Canine congestive heart failure can be treated, which will necessitate a variety of medications and supplements. These work to extend a dog’s life but cannot heal the heart.
Dog End of Life Care
Dying goes at its own pace; some dogs may pass quickly, while others may continue to live for weeks or months. There’s no way to predict when the end will come. It’s a time of worry, grief, and difficulty for pet parents and their families. You may even wonder if you’ll be able to spot the signs; however, rest assured that when the time comes, you will know.

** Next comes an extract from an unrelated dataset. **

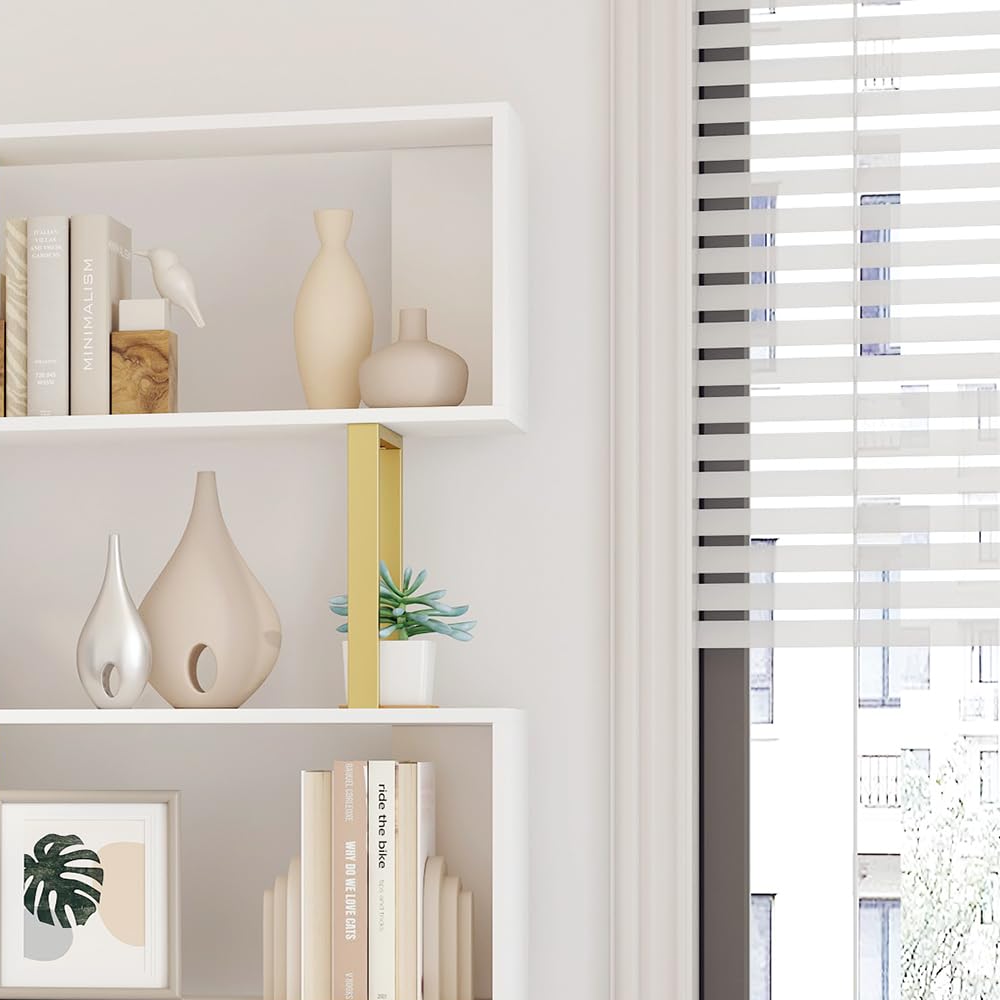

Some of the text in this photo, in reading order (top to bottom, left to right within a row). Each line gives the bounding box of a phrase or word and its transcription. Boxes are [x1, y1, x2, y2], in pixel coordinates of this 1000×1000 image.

Near the end of life, it’s important to consider your dog’s overall quality of life. It may be necessary to consider euthanasia at some point. This is so very hard—no words can describe the feelings we go through when considering this option. However, to be a responsible pet parent you must put your pup’s well being ahead of your emotions and grief. You want to keep his suffering to a minimum. It’s horribly difficult decision, but sometimes it’s the best option to let our fur babies go peacefully. We hope this guide helps you understand what happens during a dog’s end of life, and we send our thoughts and prayers to you and your sweet pup.